C'est donc cette Isle qui défend les Vaisseaux contre les vents du Nord, dont la violence est extrême sur cette Côte. On n'oseroit jetter l'ancre au milieu du Port même, ni dans un autre lieu qu'à l'abri du roc d'Ulua. À peine y est-on en sûreté avec le secours des ancres & l'appui des anneaux qui sont aux murs du Château. Il arrive quelquefois que la force du vent rompt tous les liens, arrache les Vaisseaux, & les précipite contre les autres rochers, ou les poussent dans l'Ocean. Ces vents furieux ont emporté plus d'une fois des Vaisseaux & des Maisons, bien loin sur le Continent. Ils causent les mêmes ravages dans toutes les parties du Golfe de Méxique. Une tempête fait souvent traverser toute l'étendue du Golfe au Vaisseau le plus pesant, & le Capitaine Hawkes rapporte qu'ayant vû nager une grande quantité d'arbres vers le rivage de Veracruz, on lui assura qu'ils y avoient été poussés, par quelque orage, de la Floride, qui en est à trois cens lieues. Gage rapporte qu'étant à Veracruz en 1625, il fut témoin des horribles effets d'un ouragan qui renversa la plus grande partie des Maisons. Une troupe de Moines, nouvellement arrivés, se croyoient prêts à tous momens d'être emportés dans la Mer, ou d'être ensévelis sous les édifices. Ils quittérent leur lit pour aller attendre à découvert la fin de la nuit, & celle de la tempête. Mais, le matin, les autres Moines du Pays, qui étoient accoutumés à ces avantures, rirent beaucoup de leur crainte, & les assurérent qu'ils ne dormoient jamais mieux que lorsqu'ils étoient ainsi bercés dans leur lit. Cependant Gage, & les Moines étrangers, prirent si peu de confiance à la tranquillité des autres qu'ils remontérent promptement dans leur Vaisseau.

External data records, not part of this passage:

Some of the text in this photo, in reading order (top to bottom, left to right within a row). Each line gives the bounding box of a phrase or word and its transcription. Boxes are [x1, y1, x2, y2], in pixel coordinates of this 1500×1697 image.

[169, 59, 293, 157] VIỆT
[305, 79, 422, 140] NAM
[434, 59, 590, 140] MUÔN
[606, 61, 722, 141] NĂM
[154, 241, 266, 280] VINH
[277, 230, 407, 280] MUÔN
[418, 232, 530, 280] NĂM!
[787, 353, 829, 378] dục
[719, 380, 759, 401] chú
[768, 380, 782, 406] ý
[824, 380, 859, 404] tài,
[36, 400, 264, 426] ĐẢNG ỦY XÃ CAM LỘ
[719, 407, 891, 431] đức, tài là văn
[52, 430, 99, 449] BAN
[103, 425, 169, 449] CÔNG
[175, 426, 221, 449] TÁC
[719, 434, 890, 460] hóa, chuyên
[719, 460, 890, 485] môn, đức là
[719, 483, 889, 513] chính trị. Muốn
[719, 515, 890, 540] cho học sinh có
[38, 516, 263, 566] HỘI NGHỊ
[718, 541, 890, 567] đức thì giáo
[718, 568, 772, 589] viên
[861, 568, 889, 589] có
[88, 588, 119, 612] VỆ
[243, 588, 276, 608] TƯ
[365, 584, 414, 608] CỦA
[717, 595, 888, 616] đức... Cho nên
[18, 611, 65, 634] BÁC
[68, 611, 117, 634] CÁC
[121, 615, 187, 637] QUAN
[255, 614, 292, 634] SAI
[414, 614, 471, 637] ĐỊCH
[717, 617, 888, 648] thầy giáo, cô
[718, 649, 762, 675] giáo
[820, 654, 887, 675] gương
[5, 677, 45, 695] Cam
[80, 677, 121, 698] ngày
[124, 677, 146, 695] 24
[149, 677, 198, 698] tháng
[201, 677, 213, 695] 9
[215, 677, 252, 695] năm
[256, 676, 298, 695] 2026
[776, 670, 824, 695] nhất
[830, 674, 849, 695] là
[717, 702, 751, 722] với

Depuis le mois de Mars jusqu'au mois de Septembre les vents de commerce soufflent dans le Golfe du Méxique entre le Nord-Est & le Sud-Est. Mais, depuis Septembre jusqu'au mois de Mars c'est le vent de Nord qui régne, & qui produit d'affreux orages, sur-tout aux mois de Novembre, de Décembre & de Janvier. Cependant il y a des intervalles de tranquillité & de beau tems, sans quoi l'on n'oseroit entreprendre de naviguer dans cette Mer. Les marées mêmes, & les courans y ont peu de régularité. En général, le vent du Nord fait remonter les flots vers les Côtes, ce qui rend l'eau beaucoup plus haute alors, au long du rivage.

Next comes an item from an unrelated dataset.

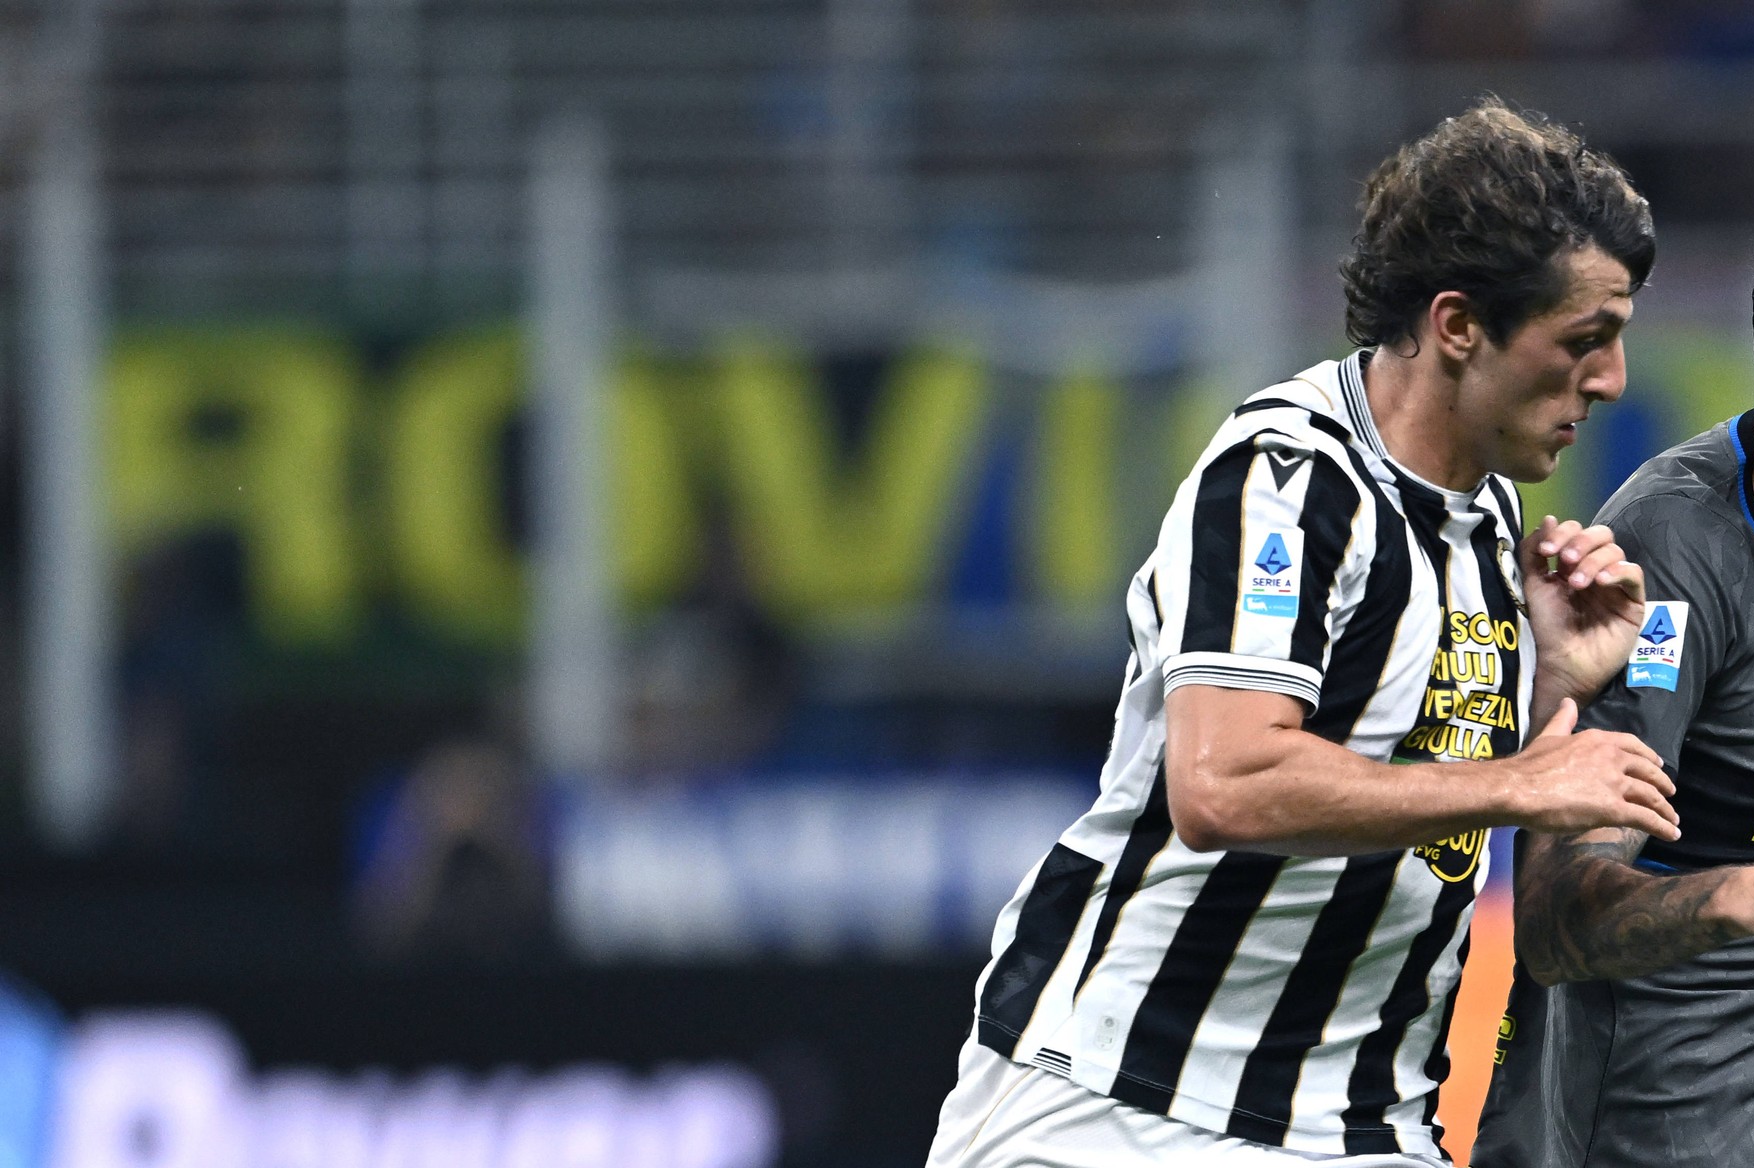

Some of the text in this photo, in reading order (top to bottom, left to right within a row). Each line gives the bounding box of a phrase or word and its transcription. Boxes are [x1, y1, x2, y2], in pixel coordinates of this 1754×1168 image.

Le Port de Veracruz n'est pas assez spacieux pour contenir un grand nombre de Vaisseaux. Il y en avoit à notre arrivée trente-quatre ou trente-cinq, qui paroissoient fort pressés, & comme l'un sur l'autre. On y peut entrer par deux Canaux, l'un au Nord, par lequel nous arrivâmes, l'autre au Sud. Outre l'Isle de San Juan de Ulua, il y en a trois ou quatre autres plus petites, que les Espagnols appellent Cayos, & les Anglois Keys ou Clés. À deux milles au Sud, est celle des Sacrifices, dont notre Matelot nous raconta des choses surprenantes, à l'occasion des Isles de Gallega, d'Anagada, & de quelques autres que nous apperçûmes en venant du Nord. Grijalva, nous dit-il, le premier Espagnol qui aborda sur cette Côte en 1518, c'est-à-dire avant Fernand Cortez, ayant commencé par découvrir l'Isle des Sacrifices, qui lui parut bien peuplée, y débarqua une partie de ses gens. Entre plusieurs édifices d'une fort belle structure, il y trouva un Temple, avec une Tour extrêmement singuliere. Elle étoit ouverte de tous côtés, & l'on y montoit par un escalier qui étoit au milieu, & qui conduisoit à une espece d'Autel, sur lequel on voyoit des figures horribles. Auprès de ce lieu Grijalva découvrit les cadavres de cinq ou six hommes qui avoient été sacrifiés la nuit précedente, ce qui lui fit donner à l'Isle le nom d'Isle des Sacrifices. L'année d'après, Cortez, étant venu dans le même lieu, y trouva aussi des figures affreuses, des papiers ensanglantés, & quantité de sang humain qu'on avoit tiré des victimes. Il y trouva le bloc sur lequel on faisoit les sacrifices, & les rasoirs de pierre qui servoient à ces barbares exécutions, ce qui remplit les Espagnols d'horreur & de crainte. Ils ne laissérent pas de choisir d'abord ce lieu pour y décharger leurs marchandises; mais ils furent bien-tôt forcés de l'abandonner par les insultes des Diables & des mauvais Esprits qui ne leur laissérent point de repos. Aux environs de toutes ces petites Isles, la Mer est extrêmement poissonneuse.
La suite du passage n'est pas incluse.